Water pouring down my face, I left everyone behind and finally made my way near the old part of the city. Coming up over the hill where the street narrows and the Cathedral comes into view, I started crying. I had actually made it. All this way. Through all that pain. And heaven was crying right along with me. Walking down that final stretch, strangers wished me Buen Camino. One old man shook my hand. These people see Peregrinos every day, so I am not sure why I sparked their specific interest.
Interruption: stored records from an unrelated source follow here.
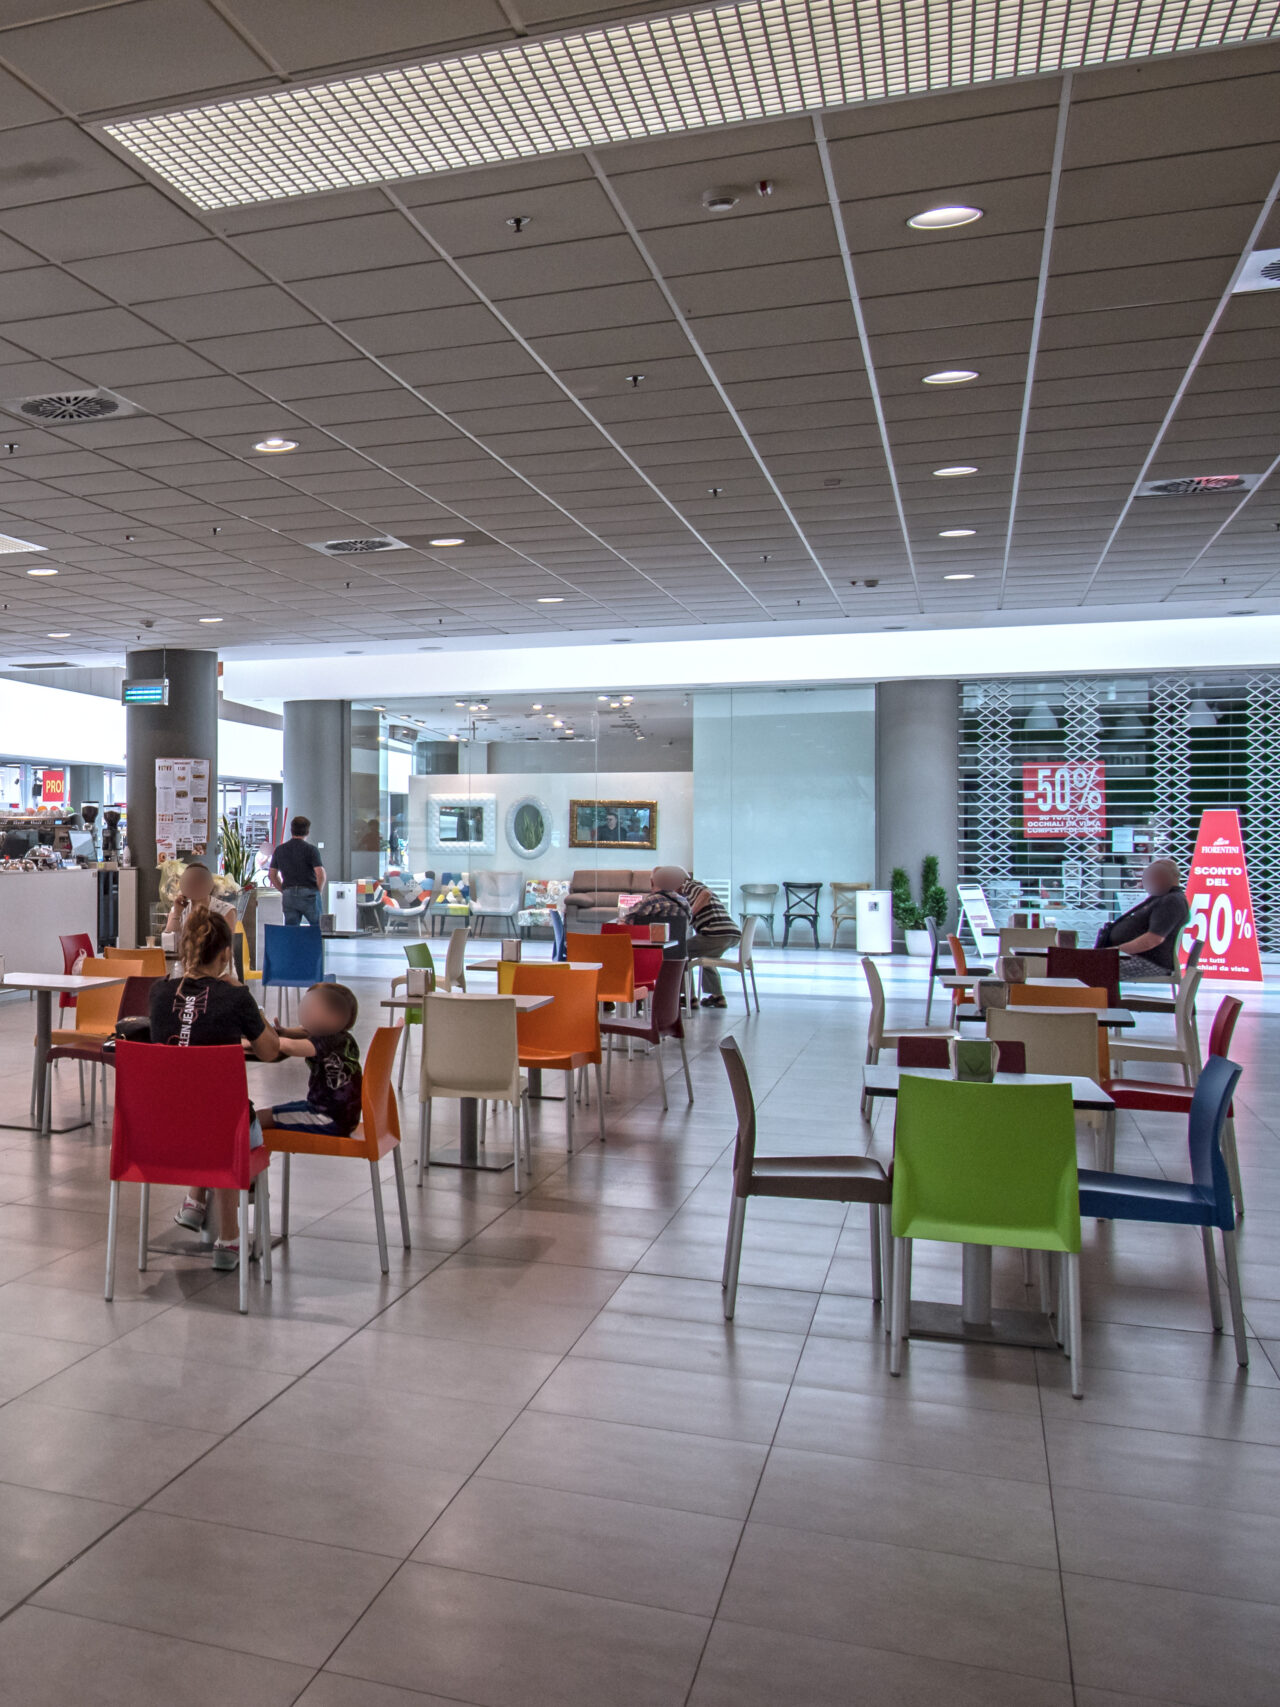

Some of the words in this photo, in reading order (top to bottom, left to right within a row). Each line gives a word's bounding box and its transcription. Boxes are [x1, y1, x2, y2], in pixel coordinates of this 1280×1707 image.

[1024, 767, 1101, 811] -50%
[1201, 846, 1239, 854] FIORENTINI
[1194, 866, 1242, 876] SCONTO
[1206, 878, 1229, 887] DEL
[183, 996, 196, 1025] JEANS
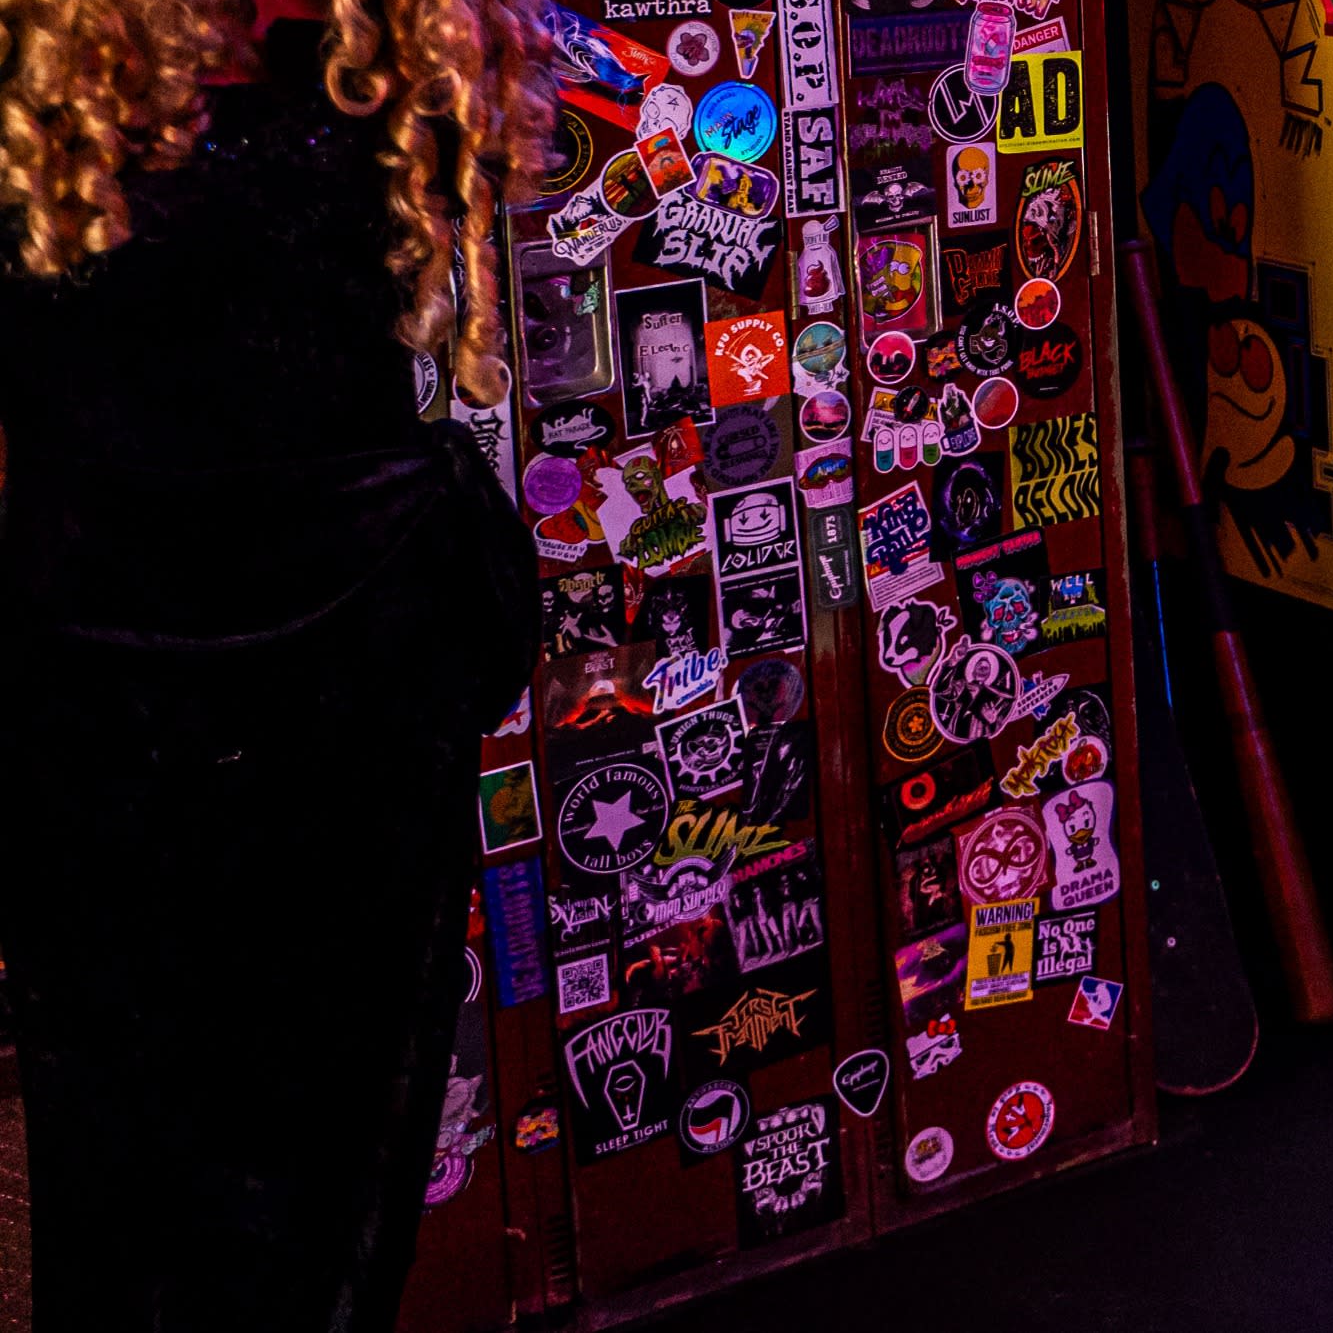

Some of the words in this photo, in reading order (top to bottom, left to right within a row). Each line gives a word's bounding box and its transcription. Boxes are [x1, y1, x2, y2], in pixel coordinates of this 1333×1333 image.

[1012, 25, 1059, 51] DANGER
[1001, 58, 1082, 140] AD
[784, 111, 794, 145] STAND
[784, 146, 795, 182] AGAINST
[785, 183, 796, 215] FEAR
[952, 208, 991, 224] SUNLUST
[729, 319, 773, 334] SUPPLY
[1018, 340, 1076, 366] BLACK
[1011, 414, 1098, 484] BONES
[1014, 468, 1100, 529] BELOW
[1051, 573, 1095, 590] WELL
[606, 768, 660, 802] famous
[653, 808, 793, 866] SLIME
[584, 852, 611, 869] tall
[617, 839, 654, 867] boys
[1060, 868, 1114, 897] DRAMA
[1062, 881, 1115, 908] QUEEN
[975, 901, 1034, 927] WARNING!
[1038, 923, 1061, 940] No
[1063, 918, 1095, 935] One
[1042, 939, 1058, 956] is
[594, 1133, 631, 1155] SLEEP
[633, 1119, 669, 1140] TIGHT
[742, 1138, 830, 1193] BEAST
Then I crossed the street to make my way through the warren of streets through the the old town towards the Cathedral. Coming to the portico by the church, the piper was playing his bagpipes. The sound bounces inside the stone structure like an amplifier. You can hear it from far away. Bagpipes always make me emotional, I don’t know why. I walked gingerly down the steps and out into the square where a big group of cyclists was celebrating the end of their trek. And who was there amongst them? Canadians, Darren and Lauly, the first Pilgrims I met on the Camino back near Puenta la Reina almost six weeks ago. Everyone else I knew had already left Santiago, but they were there waiting for me. I cried so hard when I saw their faces I couldn’t even walk towards them. But Lauly did the work for me. She ran across the square with her arms out wide.

Not a beauty crier😂

You can tell a lot about a person by the way they hug. Big bear hugs mean a big heart full of love. A generosity of spirit and a transfer of positive energy from one person to another. I got bear hugs in the square yesterday. I couldn’t imagine a better greeting, nor end to a Camino.

I had no intention of getting the Compostela. This walk was mine alone. Between me and God. She knows why. I didn’t need a certificate for that. But Lauly and Darren talked me into it, and escorted me to the Pilgrim office. There was no waiting. I walked up, got my code, entered my info, then went right to the window. The volunteer was from Ireland, of course. He examined the credentials I received in St Jean in France, so long ago. I have been terrible about getting stamps this time. In 2017, I had two full books by the time I reached Santiago. This time, my one book still had spaces. But stamps aren’t what makes a Camino. Not for me.

I woke up this morning exhausted after a rough night. My body hurts. I have blisters under my blisters. Who knew that was a thing? But I feel lighter today, after carrying a pack for 800km through winter weather and over mountains the entire width of Spain. Darren said it best. ‘When we walked in I thought, ‘Thank God we’re done.’ But now, waiting for you to come in and walking you to the Pilgrims office, I think ‘I could do that again. I already miss it.’ And laying here this morning with bandages on my blisters, with aching feet and a grateful heart, I couldn’t agree with him more.